一体琵琶法師などと云うものは、どれもこれも我《われ》は顔《がお》に、嘘ばかりついているものなのです。が、その嘘のうまい事は、わたしでも褒《ほ》めずにはいられません。わたしはあの笹葺《ささぶき》の小屋に、俊寛様が子供たちと、御戯《おたわむ》れになる所を聞けば、思わず微笑を浮べましたし、またあの浪音の高い月夜に、狂い死をなさる所を聞けば、つい涙さえ落しました。たとい嘘とは云うものの、ああ云う琵琶法師《びわほうし》の語った嘘は、きっと琥珀《こはく》の中の虫のように、末代までも伝わるでしょう。して見ればそう云う嘘があるだけ、わたしでも今の内ありのままに、俊寛様の事を御話しないと、琵琶法師の嘘はいつのまにか、ほんとうに変ってしまうかも知れない――と、こうあなたはおっしゃるのですか? なるほどそれもごもっともです。ではちょうど夜長を幸い、わたしがはるばる鬼界《きかい》が島《しま》へ、俊寛様を御尋ね申した、その時の事を御話しましょう。しかしわたしは琵琶法師のように、上手にはとても話されません。ただわたしの話の取り柄《え》は、この有王が目《ま》のあたりに見た、飾りのない真実と云う事だけです。ではどうかしばらくの間《あいだ》、御退屈でも御聞き下さい。
二
わたしが鬼界が島に渡ったのは、治承《じしょう》三年五月の末、ある曇った午《ひる》過ぎです。これは琵琶法師も語る事ですが、その日もかれこれ暮れかけた時分、わたしはやっと俊寛《しゅんかん》様に、めぐり遇《あ》う事が出来ました。しかもその場所は人気《ひとけ》のない海べ、――ただ灰色の浪《なみ》ばかりが、砂の上に寄せては倒れる、いかにも寂しい海べだったのです。

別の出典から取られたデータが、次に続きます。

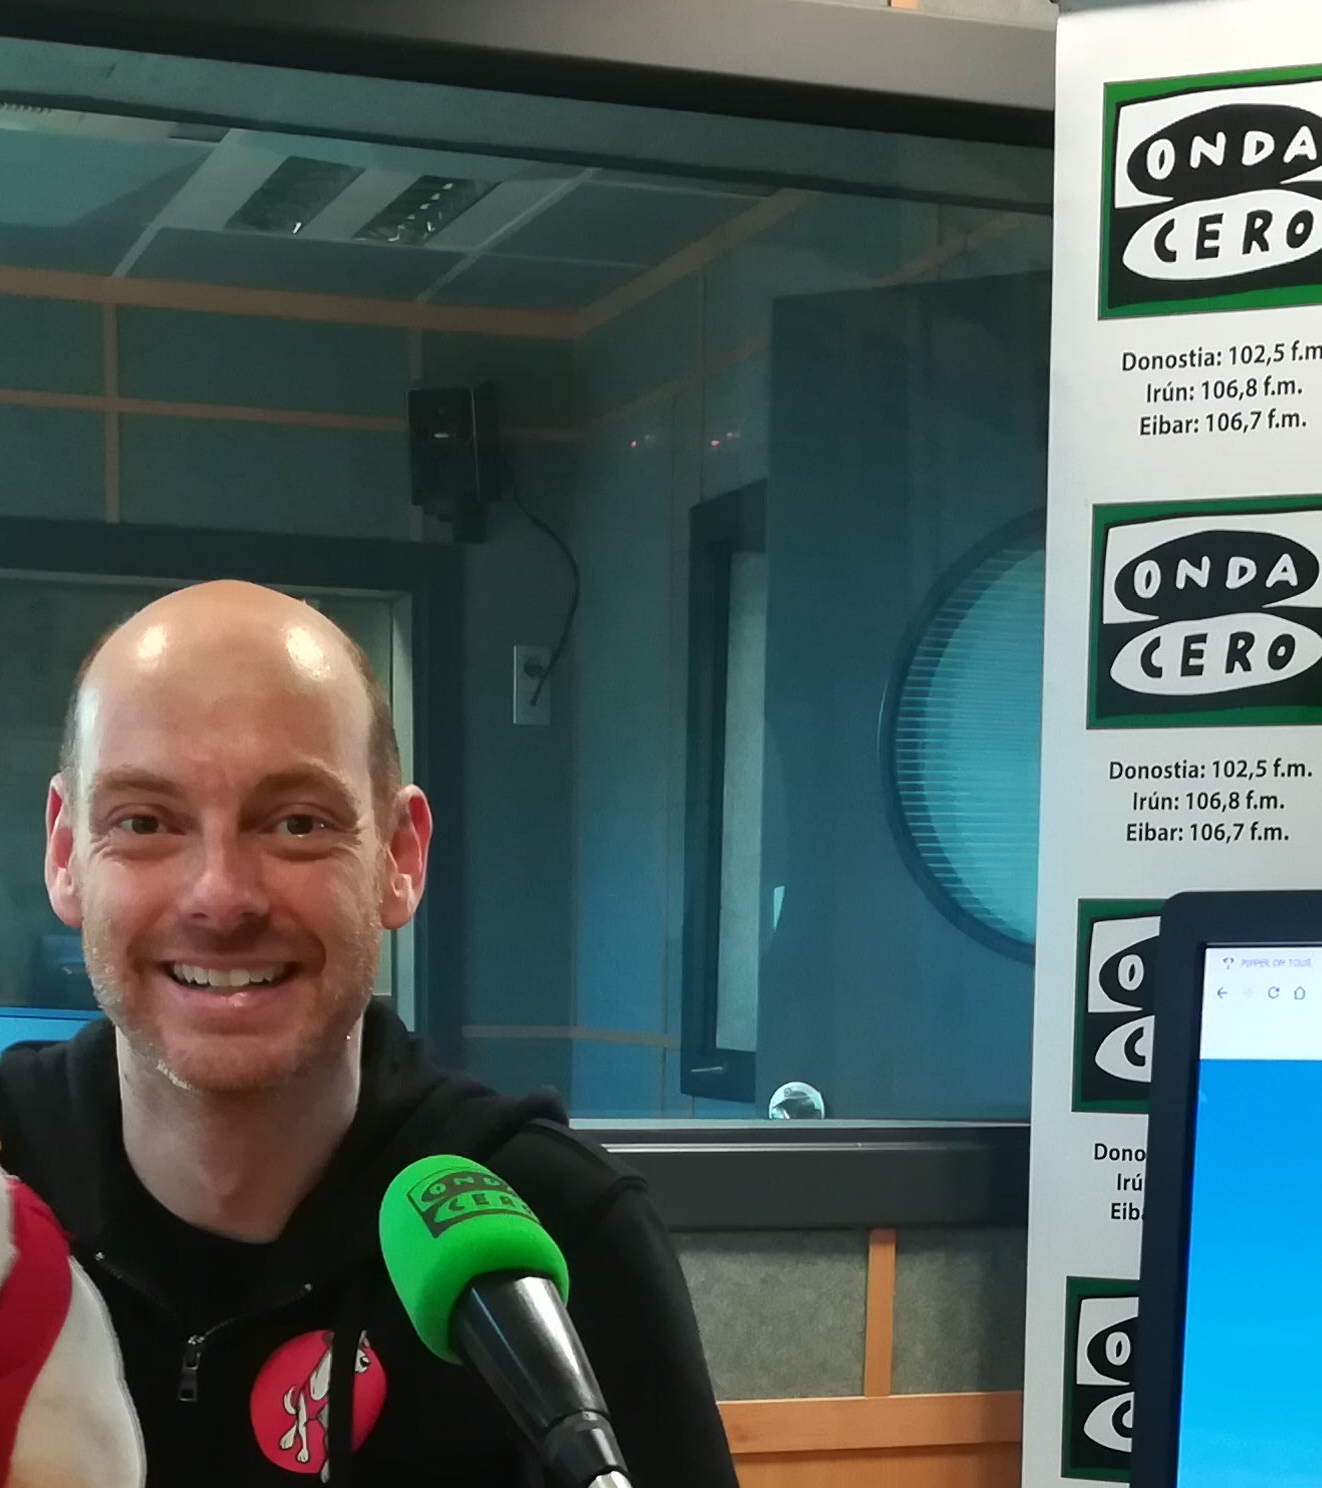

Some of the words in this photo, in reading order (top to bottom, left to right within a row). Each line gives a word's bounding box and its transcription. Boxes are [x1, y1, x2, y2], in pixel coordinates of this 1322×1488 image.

俊寛様のその時の御姿は、――そうです。世間に伝わっているのは、「童《わらわ》かとすれば年老いてその貌《かお》にあらず、法師かと思えばまた髪は空《そら》ざまに生《お》い上《あが》りて白髪《はくはつ》多し。よろずの塵《ちり》や藻屑《もくず》のつきたれども打ち払わず。頸《くび》細くして腹大きに脹《は》れ、色黒うして足手細し。人にして人に非ず。」と云うのですが、これも大抵《たいてい》は作り事です。殊に頸《くび》が細かったの、腹が脹《は》れていたのと云うのは、地獄変《じごくへん》の画《え》からでも思いついたのでしょう。つまり鬼界が島と云う所から、餓鬼《がき》の形容を使ったのです。なるほどその時の俊寛様は、髪も延びて御出《おい》でになれば、色も日に焼けていらっしゃいましたが、そのほかは昔に変らない、――いや、変らないどころではありません。昔よりも一層《いっそう》丈夫そうな、頼もしい御姿《おすがた》だったのです。それが静かな潮風《しおかぜ》に、法衣《ころも》の裾を吹かせながら、浪打際《なみうちぎわ》を独り御出でになる、――見れば御手《おて》には何と云うのか、笹の枝に貫いた、小さい魚を下げていらっしゃいました。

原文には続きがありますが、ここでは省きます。